Eleanor and Park
Last week was a good week, with both kids home for spring break.
Walker received and greatly appreciated a giant squid, sewed by Freshhell‘s daughter, as one of his birthday presents. As another part of the celebration, we took him to play lazer tag, which was as fun as I remembered it from the last time Ron and I played, 25 years ago. We all watched the Veronica Mars movie for a second time (as Kickstarter backers, we got a download) and found it immensely satisfying. There were two birthday cakes and one game of telephone pictionary that culminated in drawings of Kermit in chains.
One day Eleanor and I had time to walk around a Barnes and Noble in Columbus, and I succumbed to the temptation to buy two Rainbow Rowell books, Eleanor & Park and Fangirl, so we could read them together (and because one of them had her name in the title). As it turned out, though, Eleanor had such a pile of good books for her luggage (among them some of my favorites from college–Bill, The Galactic Hero and What Entropy Means To Me) that she didn’t end up taking back either of the Rowell books, so I started reading Eleanor & Park and finished it very quickly, as it’s both easy to read and a compelling Young Adult story.

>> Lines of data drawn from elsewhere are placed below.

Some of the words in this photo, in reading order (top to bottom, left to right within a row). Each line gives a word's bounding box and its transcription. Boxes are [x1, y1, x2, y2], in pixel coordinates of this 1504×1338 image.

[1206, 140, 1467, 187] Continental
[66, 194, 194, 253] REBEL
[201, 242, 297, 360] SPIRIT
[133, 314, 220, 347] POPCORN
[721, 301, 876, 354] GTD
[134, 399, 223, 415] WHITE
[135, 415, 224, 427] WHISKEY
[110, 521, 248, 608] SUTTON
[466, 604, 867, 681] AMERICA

Eleanor and Park are in high school. They seem an unlikely couple, but they fall in love. There are wonderful moments; I particularly enjoyed the one when one of their teachers assigns them the memorization of a poem: “Brains love poetry. It’s sticky stuff.”
I like the way Eleanor never tells anyone why she dresses the way she does, especially when her father asks “is that what all the cool kids are wearing these days?” and she “looked down at her giant white shirt, her fat paisley tie, and her half-dead purple corduroys to say ‘yup….This is pretty much our uniform.'”

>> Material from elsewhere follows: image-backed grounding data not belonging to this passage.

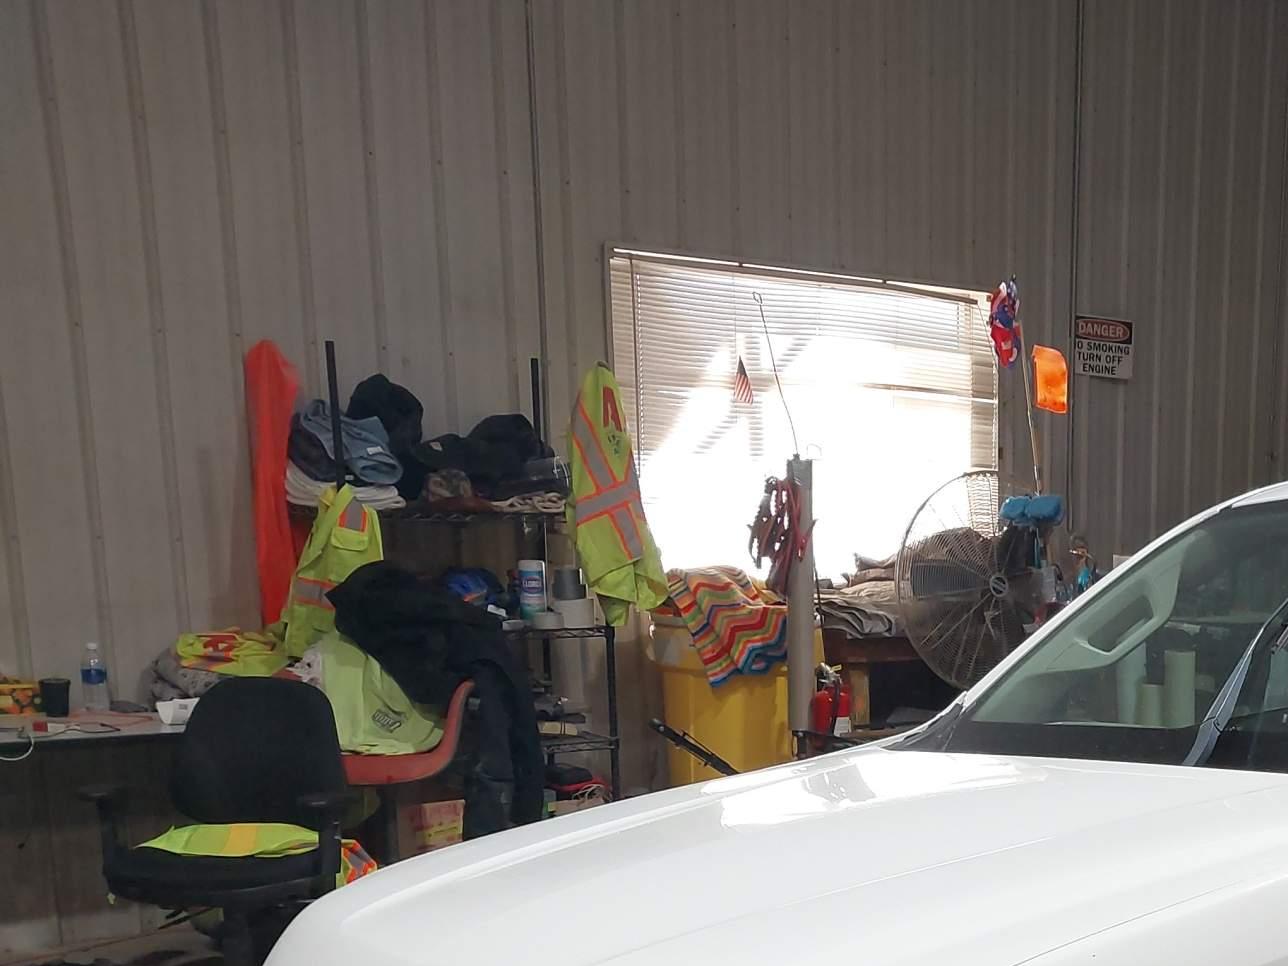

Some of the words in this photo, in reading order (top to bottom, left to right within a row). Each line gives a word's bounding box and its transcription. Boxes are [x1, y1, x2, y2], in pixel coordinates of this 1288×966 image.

[1079, 321, 1124, 338] DANGER
[1087, 341, 1130, 356] SMOKING
[1077, 350, 1102, 363] TURN
[1105, 354, 1123, 367] OFF
[1082, 362, 1117, 376] ENGINE

There are a few nice moments of teenage realization for Park, who “thought he was over caring what people thought about him. He’d thought that loving Eleanor proved that. But he kept finding new pockets of shallow inside himself.”
Lovely as it was to have both kids home for a week, there were a couple of times when I had to remember that my kids are not all the way grown up. Reading Eleanor & Park was a good reminder of that, because both of the title characters had good hearts but young heads. And it ends happily.